[Records Boundary: Start]

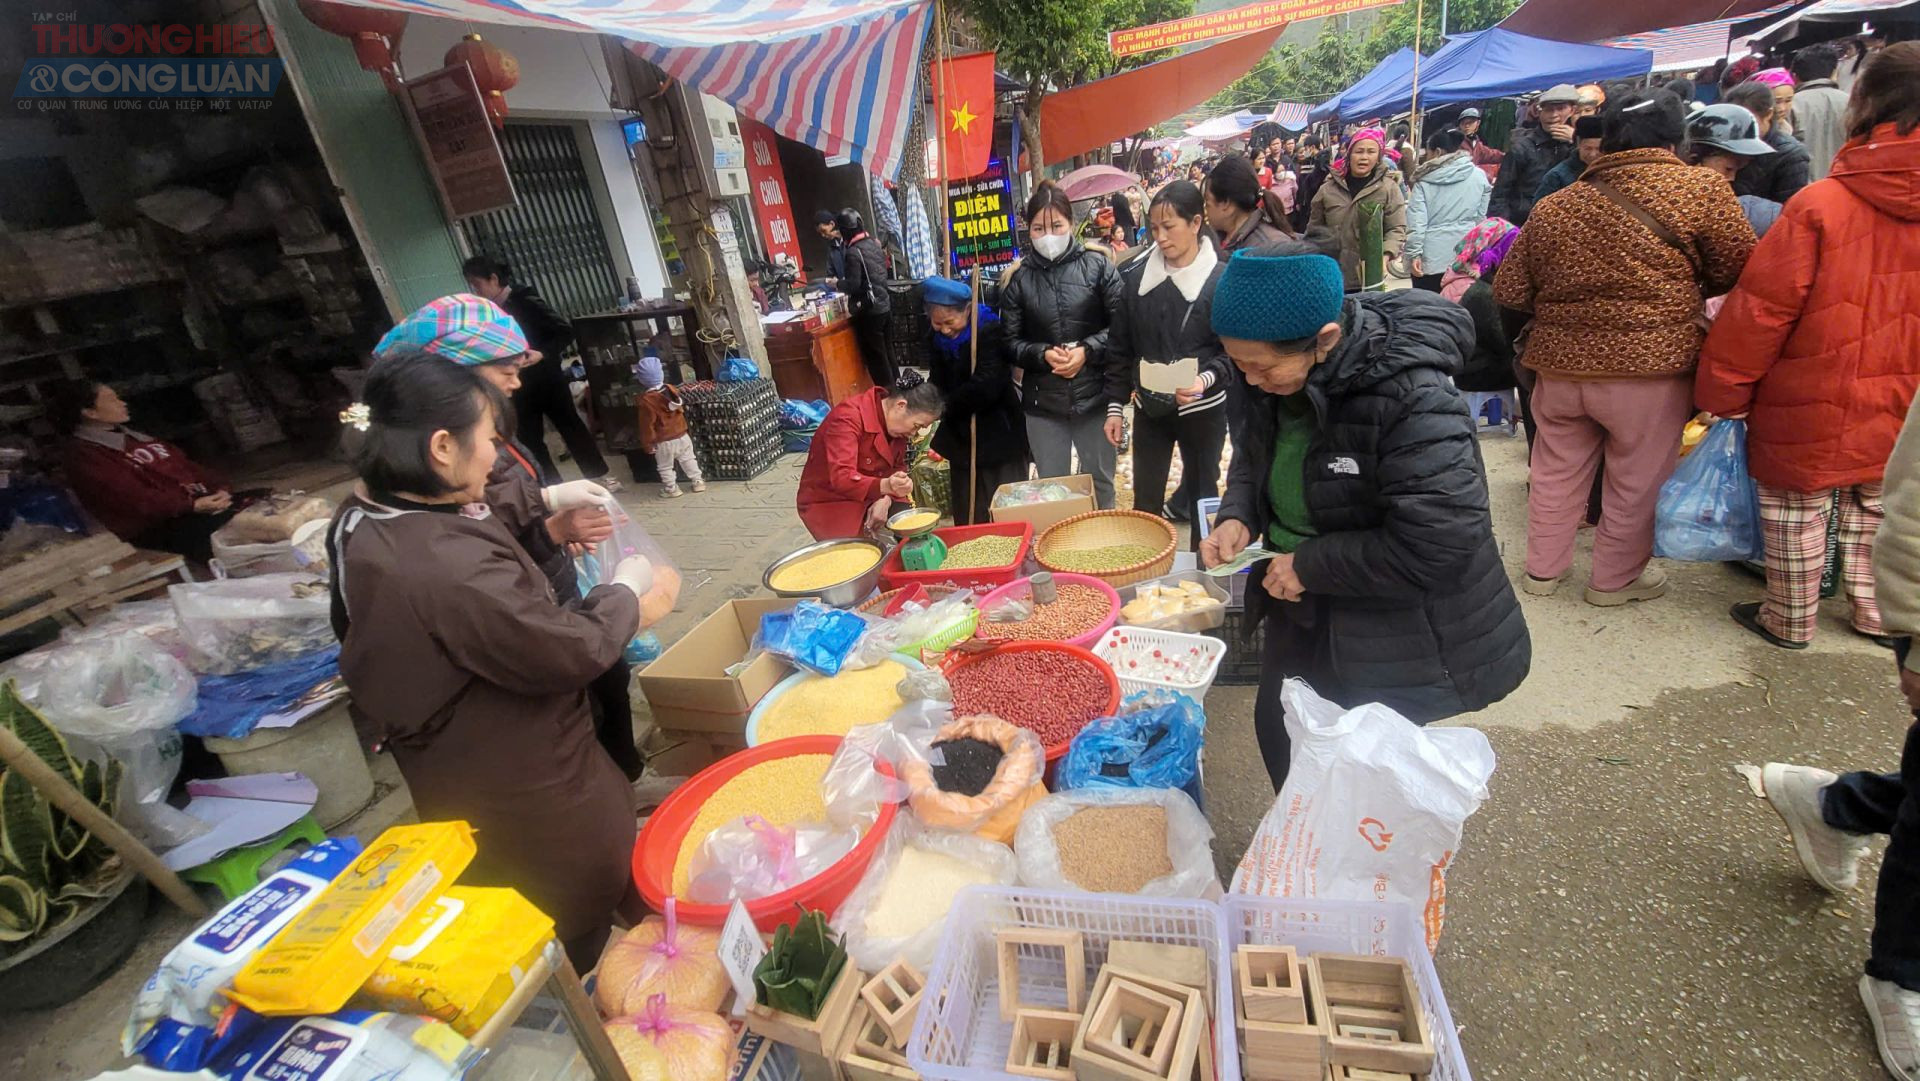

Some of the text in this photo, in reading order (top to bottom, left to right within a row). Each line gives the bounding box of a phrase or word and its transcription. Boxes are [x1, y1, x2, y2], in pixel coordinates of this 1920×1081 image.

[1117, 44, 1128, 55] LÀ
[1129, 38, 1152, 52] NHÂN
[1154, 36, 1164, 46] TỐ
[1166, 32, 1192, 45] QUYẾT
[1216, 21, 1244, 34] THÀNH
[1264, 13, 1282, 25] CỦA
[1284, 11, 1296, 22] SỰ
[1299, 4, 1332, 18] NGHIỆP
[1118, 32, 1134, 44] SỨC
[1136, 28, 1160, 42] MẠNH
[1162, 24, 1179, 34] CỦA
[1181, 20, 1206, 30] NHÂN
[1227, 10, 1238, 20] VÀ
[1240, 6, 1261, 19] KHỐI
[752, 132, 772, 166] SỬA
[760, 176, 784, 206] CHỮA
[976, 180, 989, 192] SỬA
[989, 179, 1004, 190] CHỮA
[954, 194, 1000, 217] ĐIỆN
[770, 215, 792, 248] ĐIỆN
[953, 214, 1009, 239] THOẠI
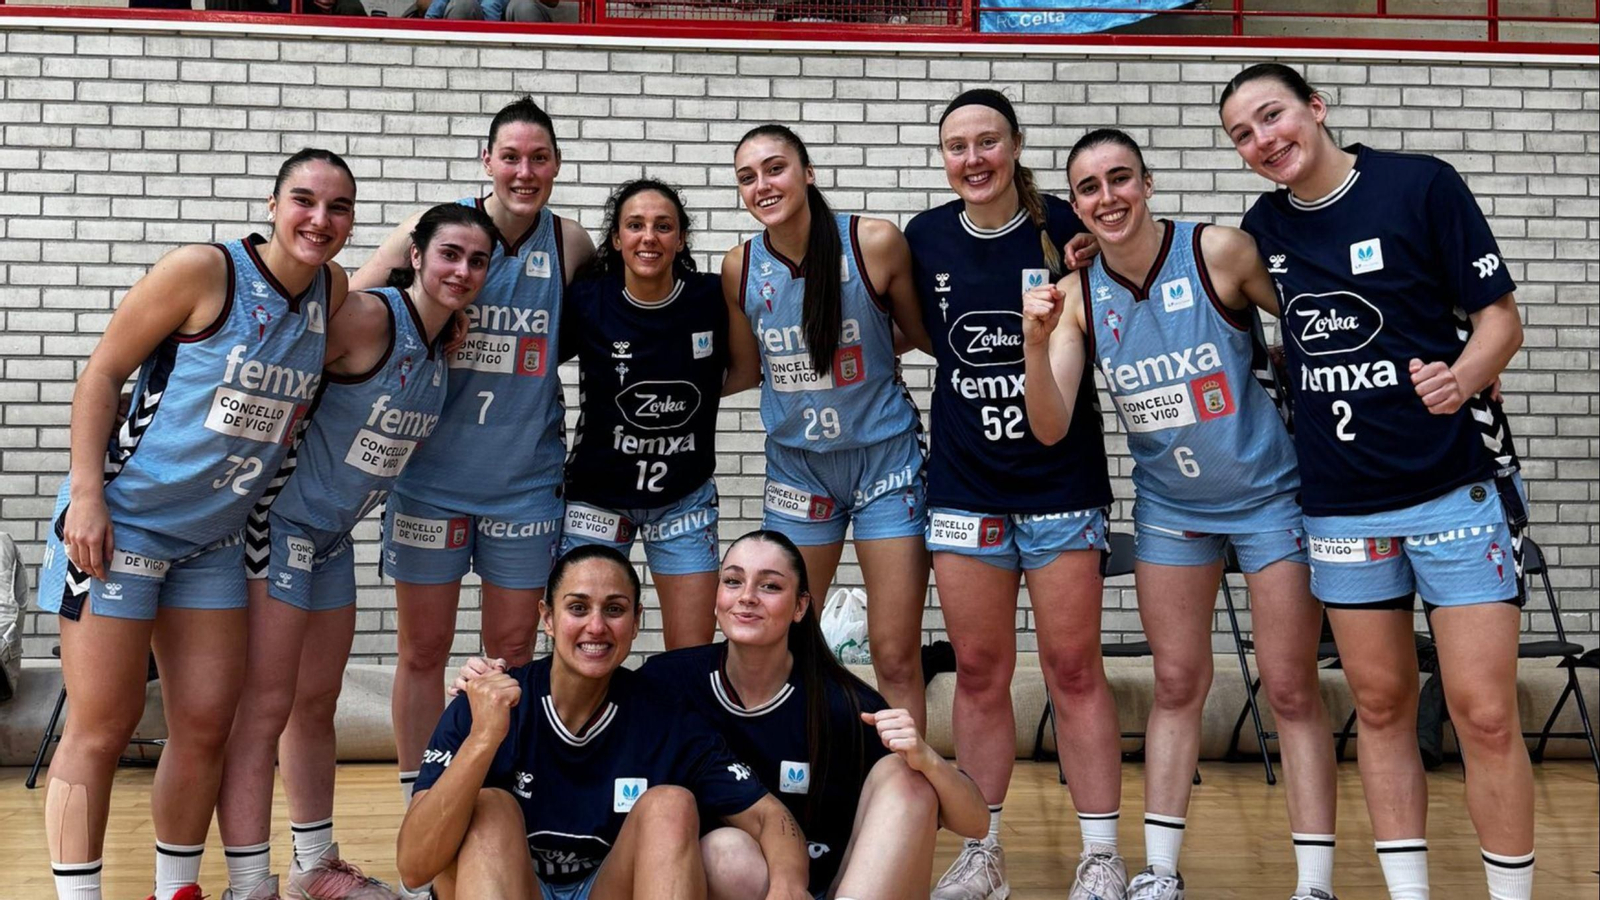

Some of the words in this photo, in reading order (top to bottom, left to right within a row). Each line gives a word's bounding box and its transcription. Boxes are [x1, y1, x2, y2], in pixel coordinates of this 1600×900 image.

[465, 304, 549, 334] emxa
[1296, 308, 1359, 341] Zorka
[757, 318, 861, 352] fema
[963, 324, 1021, 353] Zorka
[461, 339, 510, 353] ONCELLO
[457, 351, 473, 361] DE
[475, 352, 502, 364] VIGO
[770, 362, 815, 372] ONCELL
[1101, 342, 1223, 392] femxa
[774, 375, 787, 384] DE
[790, 373, 818, 384] VIGO
[951, 368, 1026, 399] femx
[220, 396, 284, 420] CONCELLO
[477, 390, 494, 425] 7
[634, 392, 686, 418] Zorka
[1123, 393, 1183, 412] CONCELLO
[223, 412, 243, 428] DE
[245, 418, 274, 433] VIGO
[366, 394, 439, 438] femxa
[803, 407, 841, 440] 29
[981, 405, 1025, 441] 52
[1133, 413, 1149, 425] DE
[1150, 407, 1179, 422] VIGO
[1331, 400, 1356, 442] 2
[360, 437, 408, 457] CONCELLO
[613, 425, 696, 456] femxa
[361, 452, 380, 466] DE
[382, 458, 398, 468] VIGO
[1173, 446, 1200, 478] 6
[212, 454, 263, 496] 32
[636, 460, 668, 492] 12
[766, 484, 806, 503] CONCELLO
[853, 466, 912, 506] ecalvi
[768, 494, 777, 504] DE
[777, 498, 799, 510] VIGO
[396, 519, 443, 534] CONCELLO
[478, 516, 556, 538] Recalvi
[568, 510, 615, 526] CONCELLO
[572, 520, 583, 528] DE
[586, 522, 608, 534] VIGO
[642, 508, 709, 542] Recalvi
[934, 519, 974, 532] CONCELLO
[399, 530, 410, 538] DE
[413, 533, 436, 542] VIGO
[935, 530, 943, 538] DE
[944, 530, 968, 540] VIGO
[298, 554, 307, 563] DE
[1314, 543, 1323, 553] DE
[1325, 545, 1352, 554] VIGO
[125, 556, 141, 567] DE
[144, 558, 165, 570] VIGO
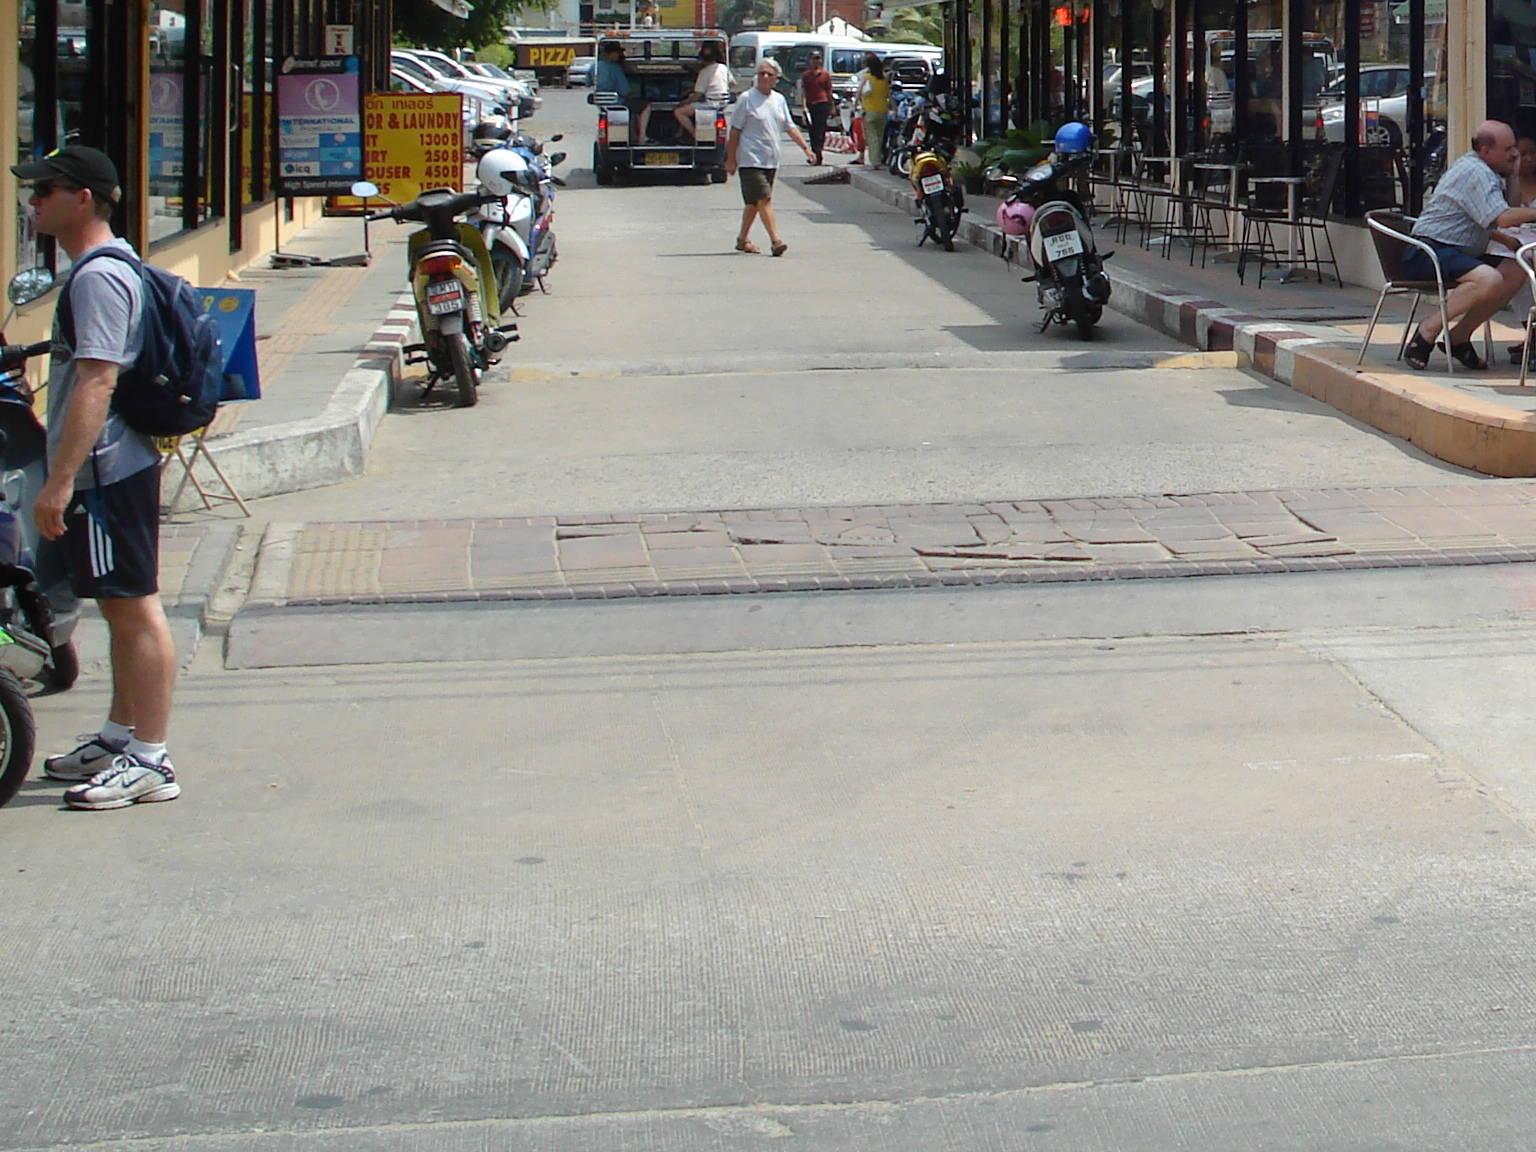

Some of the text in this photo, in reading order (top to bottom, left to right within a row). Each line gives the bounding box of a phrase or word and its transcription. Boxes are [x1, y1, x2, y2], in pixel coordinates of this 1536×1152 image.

[529, 47, 577, 66] PIZZA
[387, 113, 400, 129] &
[403, 113, 459, 129] LAUNDRY
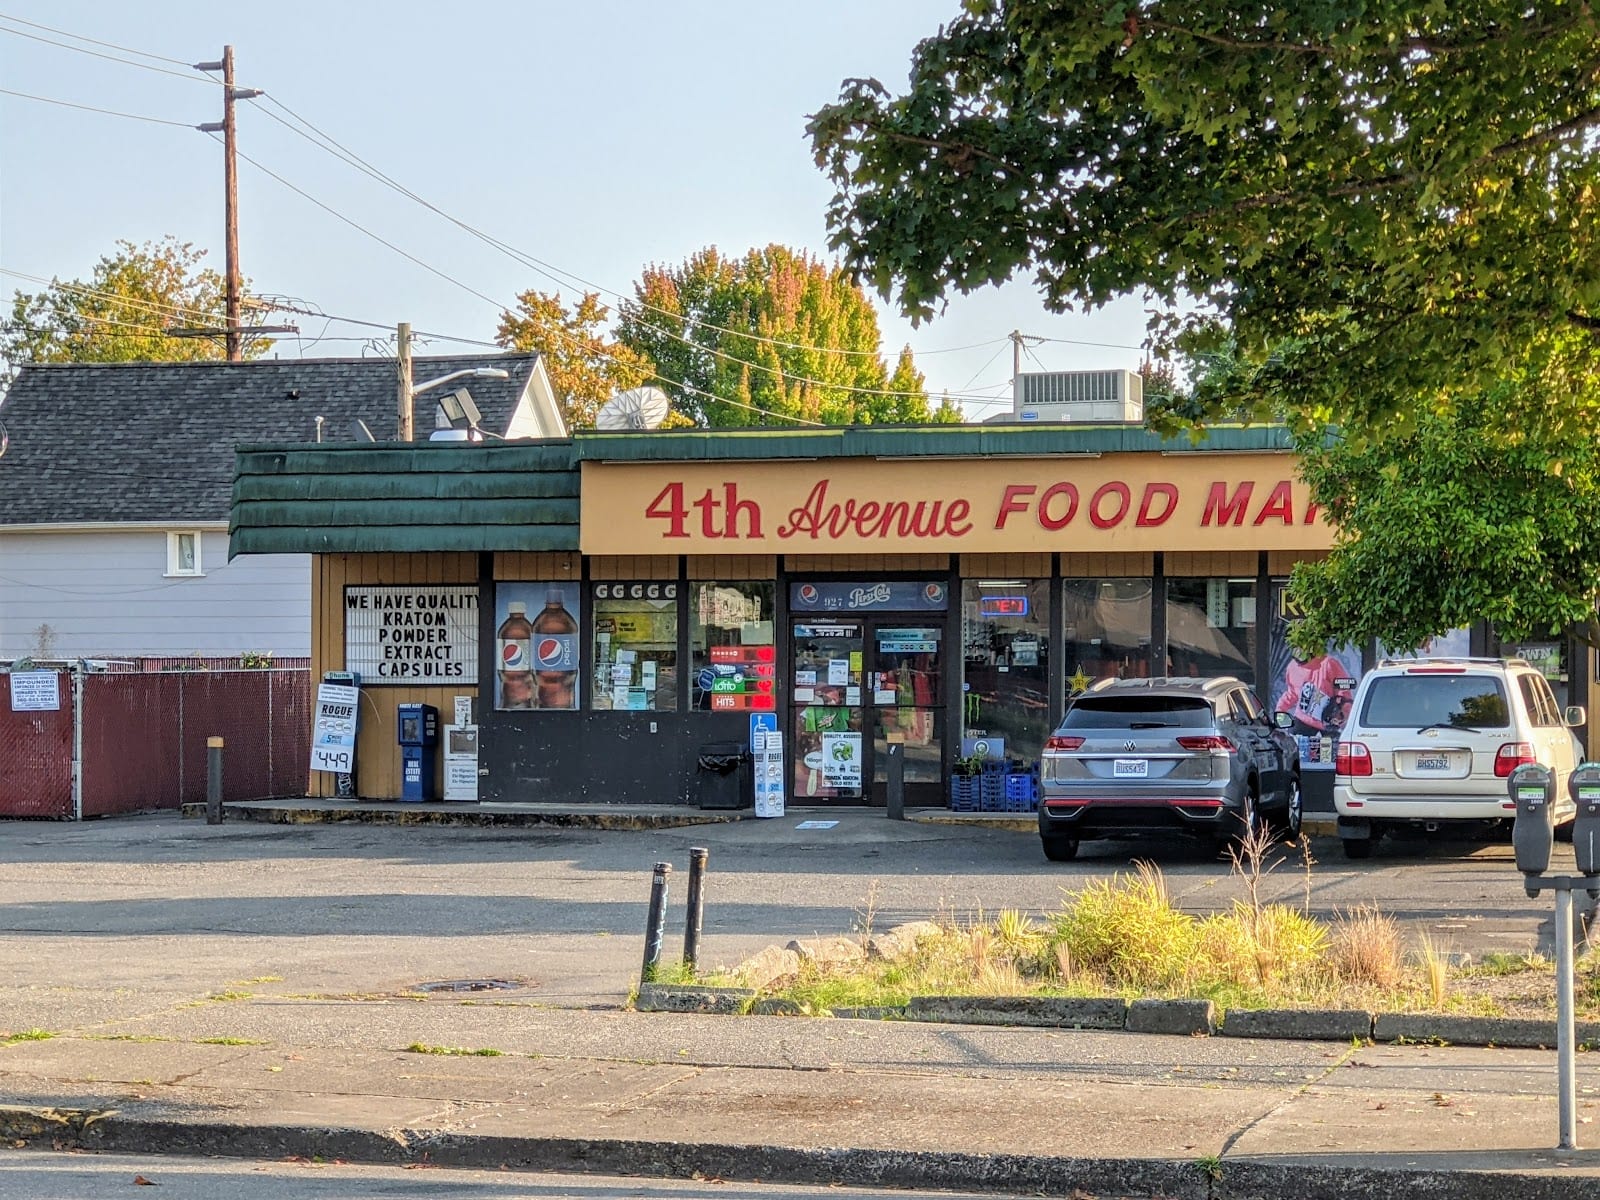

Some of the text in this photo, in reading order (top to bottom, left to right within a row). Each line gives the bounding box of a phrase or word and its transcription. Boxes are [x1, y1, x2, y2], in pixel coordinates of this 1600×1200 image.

[645, 482, 764, 539] 4th
[777, 478, 973, 539] Avenue
[994, 480, 1179, 531] FOOD
[347, 595, 368, 608] WE
[374, 595, 413, 608] HAVE
[383, 611, 446, 626] KRATOM
[379, 628, 447, 643] POWDER
[384, 645, 452, 660] EXTRACT
[562, 639, 571, 666] pepsi
[378, 662, 463, 677] CAPSULES
[321, 704, 353, 716] ROGUE

[Records Boundary: End]

• Problem description: Pictures aside, repeat each entry in full and without change.

• Response area:
Some of the text in this photo, in reading order (top to bottom, left to right within a row). Each line gives the bounding box of a phrase or word and its transcription. Boxes are [x1, y1, x2, y2], in pixel coordinates of this 1920×1081 image.

[1117, 44, 1128, 55] LÀ
[1129, 38, 1152, 52] NHÂN
[1154, 36, 1164, 46] TỐ
[1166, 32, 1192, 45] QUYẾT
[1216, 21, 1244, 34] THÀNH
[1264, 13, 1282, 25] CỦA
[1284, 11, 1296, 22] SỰ
[1299, 4, 1332, 18] NGHIỆP
[1118, 32, 1134, 44] SỨC
[1136, 28, 1160, 42] MẠNH
[1162, 24, 1179, 34] CỦA
[1181, 20, 1206, 30] NHÂN
[1227, 10, 1238, 20] VÀ
[1240, 6, 1261, 19] KHỐI
[752, 132, 772, 166] SỬA
[760, 176, 784, 206] CHỮA
[976, 180, 989, 192] SỬA
[989, 179, 1004, 190] CHỮA
[954, 194, 1000, 217] ĐIỆN
[770, 215, 792, 248] ĐIỆN
[953, 214, 1009, 239] THOẠI

Some of the words in this photo, in reading order (top to bottom, left to right within a row). Each line gives a word's bounding box and its transcription. Boxes are [x1, y1, x2, y2], in pixel coordinates of this 1600×900 image.

[465, 304, 549, 334] emxa
[1296, 308, 1359, 341] Zorka
[757, 318, 861, 352] fema
[963, 324, 1021, 353] Zorka
[461, 339, 510, 353] ONCELLO
[457, 351, 473, 361] DE
[475, 352, 502, 364] VIGO
[770, 362, 815, 372] ONCELL
[1101, 342, 1223, 392] femxa
[774, 375, 787, 384] DE
[790, 373, 818, 384] VIGO
[951, 368, 1026, 399] femx
[220, 396, 284, 420] CONCELLO
[477, 390, 494, 425] 7
[634, 392, 686, 418] Zorka
[1123, 393, 1183, 412] CONCELLO
[223, 412, 243, 428] DE
[245, 418, 274, 433] VIGO
[366, 394, 439, 438] femxa
[803, 407, 841, 440] 29
[981, 405, 1025, 441] 52
[1133, 413, 1149, 425] DE
[1150, 407, 1179, 422] VIGO
[1331, 400, 1356, 442] 2
[360, 437, 408, 457] CONCELLO
[613, 425, 696, 456] femxa
[361, 452, 380, 466] DE
[382, 458, 398, 468] VIGO
[1173, 446, 1200, 478] 6
[212, 454, 263, 496] 32
[636, 460, 668, 492] 12
[766, 484, 806, 503] CONCELLO
[853, 466, 912, 506] ecalvi
[768, 494, 777, 504] DE
[777, 498, 799, 510] VIGO
[396, 519, 443, 534] CONCELLO
[478, 516, 556, 538] Recalvi
[568, 510, 615, 526] CONCELLO
[572, 520, 583, 528] DE
[586, 522, 608, 534] VIGO
[642, 508, 709, 542] Recalvi
[934, 519, 974, 532] CONCELLO
[399, 530, 410, 538] DE
[413, 533, 436, 542] VIGO
[935, 530, 943, 538] DE
[944, 530, 968, 540] VIGO
[298, 554, 307, 563] DE
[1314, 543, 1323, 553] DE
[1325, 545, 1352, 554] VIGO
[125, 556, 141, 567] DE
[144, 558, 165, 570] VIGO

Some of the text in this photo, in reading order (top to bottom, left to right within a row). Each line gives the bounding box of a phrase or word and its transcription. Boxes are [x1, y1, x2, y2], in pixel coordinates of this 1536×1152 image.

[529, 47, 577, 66] PIZZA
[387, 113, 400, 129] &
[403, 113, 459, 129] LAUNDRY

Some of the text in this photo, in reading order (top to bottom, left to right within a row). Each line gives the bounding box of a phrase or word and its transcription. Boxes are [x1, y1, x2, y2], in pixel coordinates of this 1600×1200 image.

[645, 482, 764, 539] 4th
[777, 478, 973, 539] Avenue
[994, 480, 1179, 531] FOOD
[347, 595, 368, 608] WE
[374, 595, 413, 608] HAVE
[383, 611, 446, 626] KRATOM
[379, 628, 447, 643] POWDER
[384, 645, 452, 660] EXTRACT
[562, 639, 571, 666] pepsi
[378, 662, 463, 677] CAPSULES
[321, 704, 353, 716] ROGUE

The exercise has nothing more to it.